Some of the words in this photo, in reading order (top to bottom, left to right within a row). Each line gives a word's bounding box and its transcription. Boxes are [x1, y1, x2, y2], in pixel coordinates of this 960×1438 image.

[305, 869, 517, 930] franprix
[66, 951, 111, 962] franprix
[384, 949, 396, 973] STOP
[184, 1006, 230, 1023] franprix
——————
Type out the whole listing once more, exactly as written.

Some of the words in this photo, in reading order (top to bottom, left to right within a row). Each line gives a word's bounding box and its transcription. Boxes are [x1, y1, x2, y2], in pixel coordinates of this 960×1438 image.

[305, 869, 517, 930] franprix
[66, 951, 111, 962] franprix
[384, 949, 396, 973] STOP
[184, 1006, 230, 1023] franprix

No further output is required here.